§ Source data:
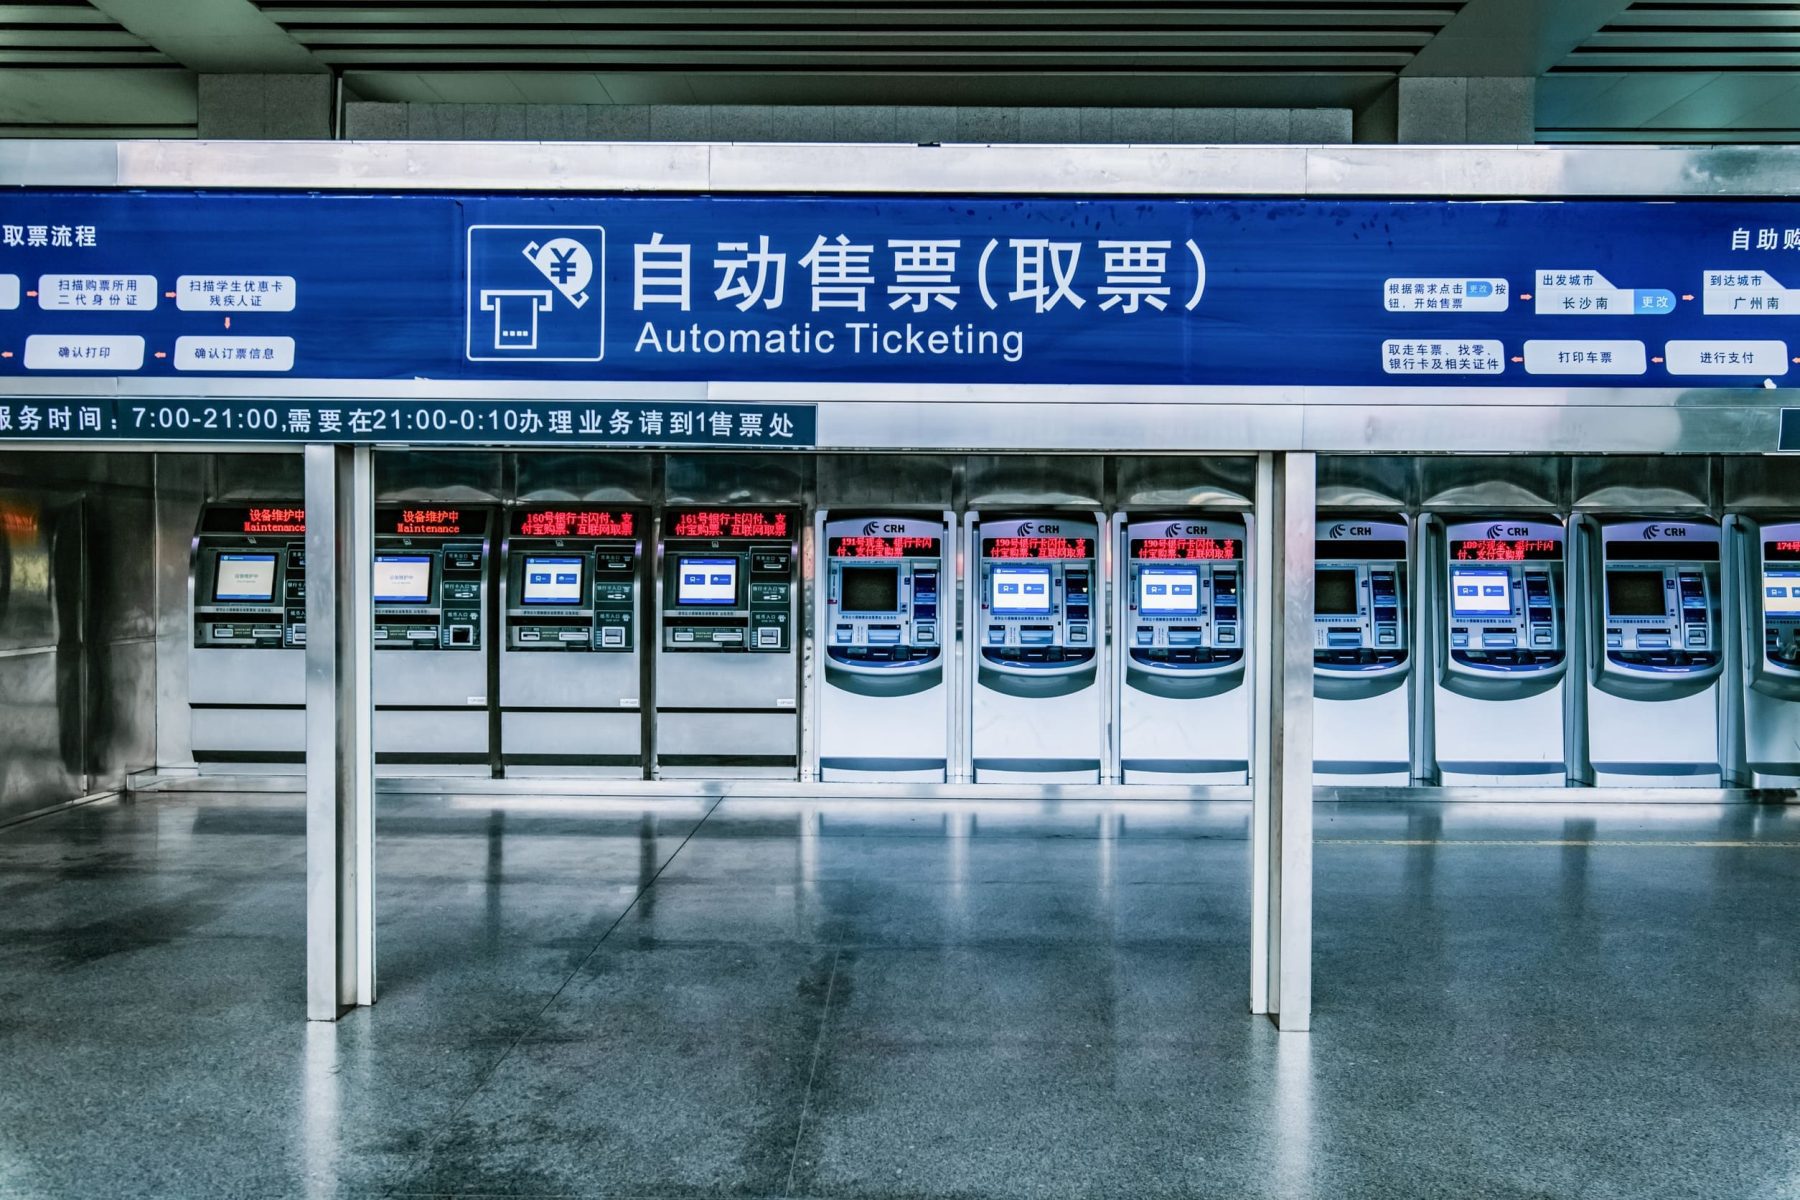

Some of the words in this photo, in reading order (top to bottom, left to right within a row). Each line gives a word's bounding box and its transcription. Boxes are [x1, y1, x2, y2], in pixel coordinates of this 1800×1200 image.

[2, 224, 97, 248] 取票流程
[632, 231, 1207, 314] 自动售票(取票)
[58, 279, 137, 292] 扫描购票所用
[189, 279, 283, 293] 扫描学生优惠卡
[1542, 274, 1594, 287] 出发城市
[1710, 274, 1762, 287] 到达城市
[58, 293, 138, 306] 二代身份证
[209, 294, 262, 307] 残疾人证
[1562, 296, 1609, 310] 长沙南
[1641, 295, 1669, 309] 更改
[1733, 296, 1779, 310] 广州南
[634, 321, 835, 354] Automatic
[845, 322, 1024, 362] Ticketing
[58, 346, 111, 359] 确认打印
[194, 347, 275, 360] 确认订票信息
[1558, 351, 1612, 364] 打印车票
[1699, 351, 1755, 364] 进行支付
[1388, 358, 1499, 370] 银行卡及相关证件
[249, 508, 305, 522] 设备维护中
[402, 510, 459, 523] 设备维护中
[243, 521, 306, 532] Maintenance
[396, 522, 460, 533] Maintenance
[883, 524, 905, 534] CRH
[1037, 525, 1060, 535] CRH
[1185, 526, 1208, 536] CRH
[1349, 526, 1372, 536] CRH
[1506, 527, 1529, 537] CRH
[1663, 527, 1686, 537] CRH
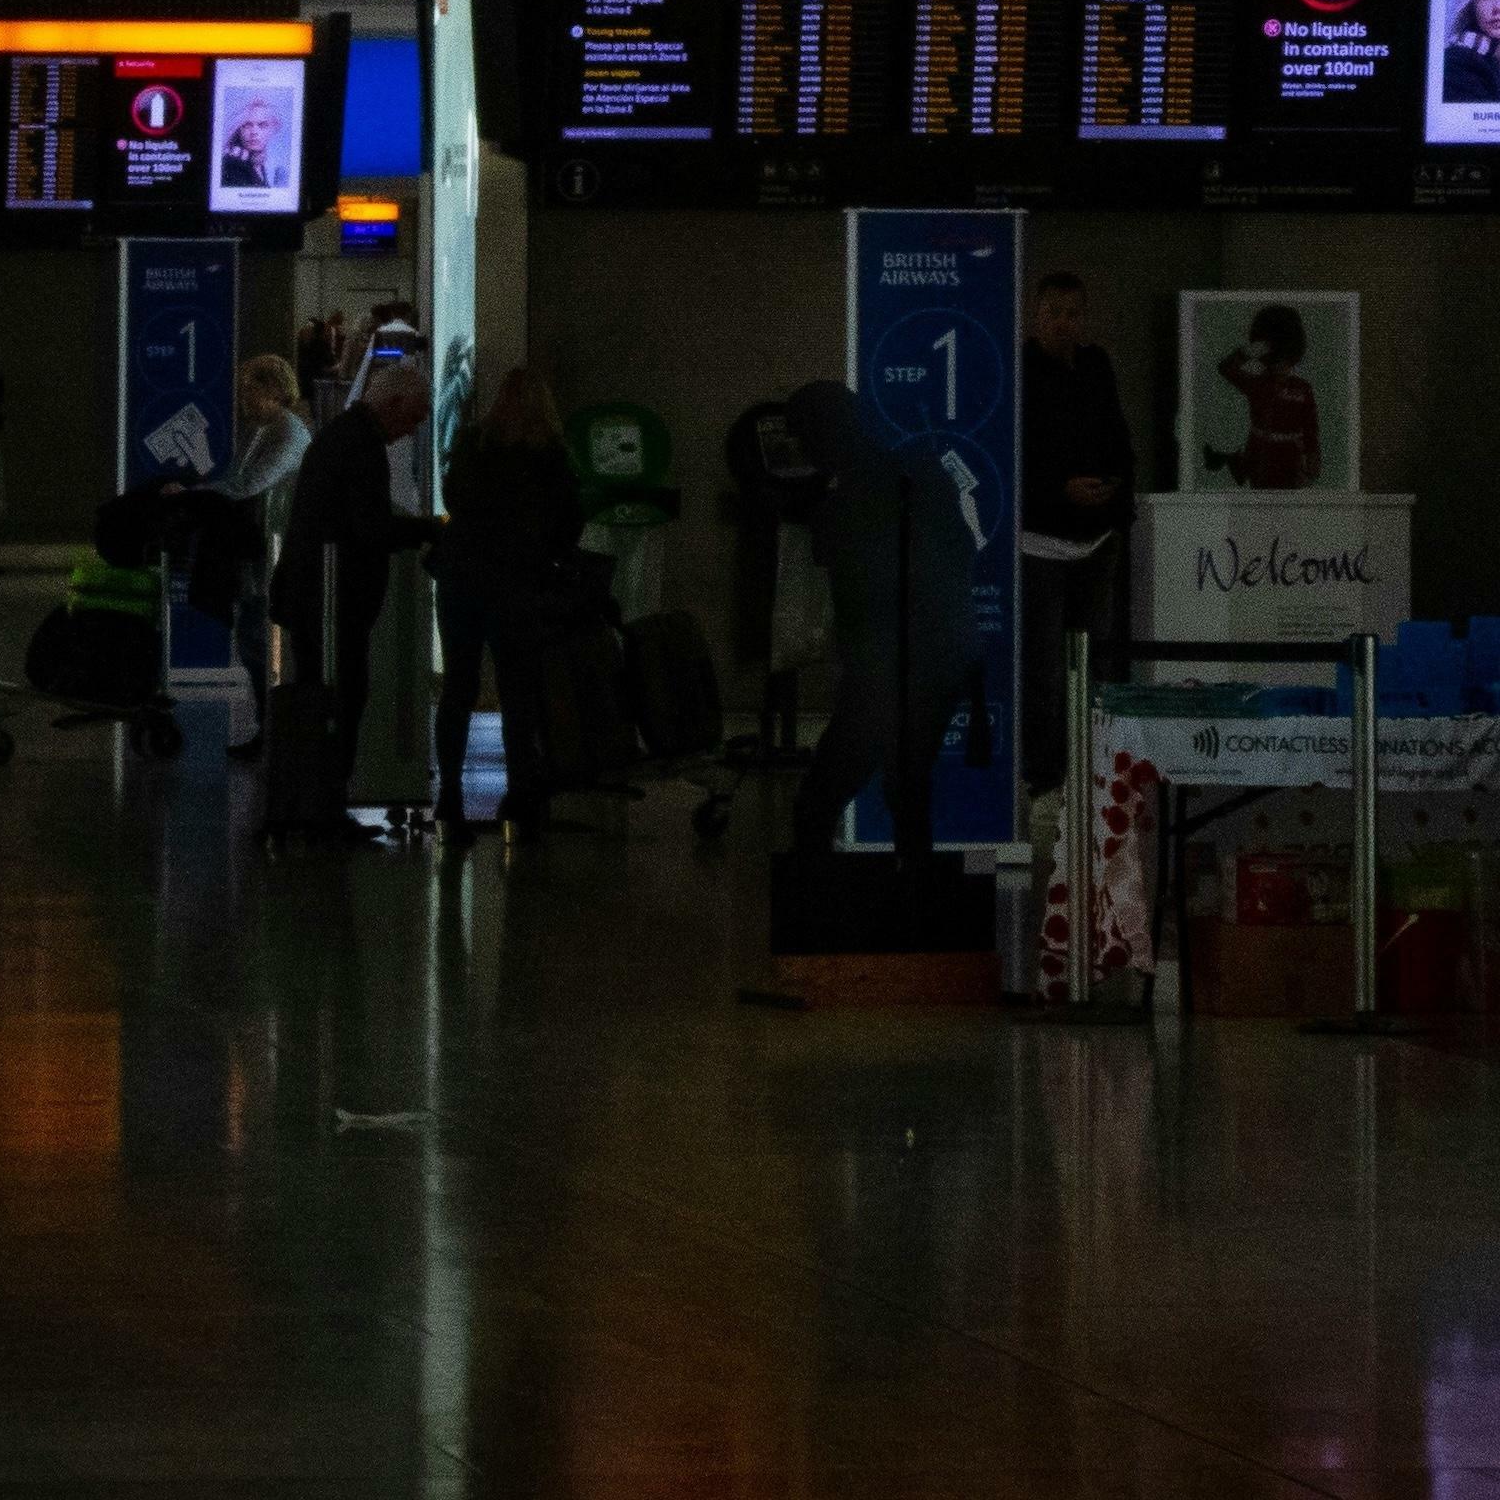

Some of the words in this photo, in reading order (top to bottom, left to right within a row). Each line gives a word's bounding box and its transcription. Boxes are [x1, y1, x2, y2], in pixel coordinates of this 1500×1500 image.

[1284, 21, 1308, 38] No
[1311, 21, 1368, 40] liquids
[1283, 41, 1301, 57] in
[1302, 41, 1391, 57] containers
[1282, 63, 1322, 76] over
[1323, 60, 1375, 76] 100ml
[882, 252, 957, 269] BRITISH
[879, 270, 962, 287] AIRWAYS
[180, 320, 196, 384] 1
[884, 366, 927, 383] STEP
[932, 328, 957, 421] 1
[1198, 536, 1379, 592] Welcome
[1224, 734, 1349, 755] CONTACTLESS

§ Your task: Repeat, exactly as they stand, the line that contains "this 1500×1500 image." and all the lines after it in the data above.

§ Written answer:
Some of the words in this photo, in reading order (top to bottom, left to right within a row). Each line gives a word's bounding box and its transcription. Boxes are [x1, y1, x2, y2], in pixel coordinates of this 1500×1500 image.

[1284, 21, 1308, 38] No
[1311, 21, 1368, 40] liquids
[1283, 41, 1301, 57] in
[1302, 41, 1391, 57] containers
[1282, 63, 1322, 76] over
[1323, 60, 1375, 76] 100ml
[882, 252, 957, 269] BRITISH
[879, 270, 962, 287] AIRWAYS
[180, 320, 196, 384] 1
[884, 366, 927, 383] STEP
[932, 328, 957, 421] 1
[1198, 536, 1379, 592] Welcome
[1224, 734, 1349, 755] CONTACTLESS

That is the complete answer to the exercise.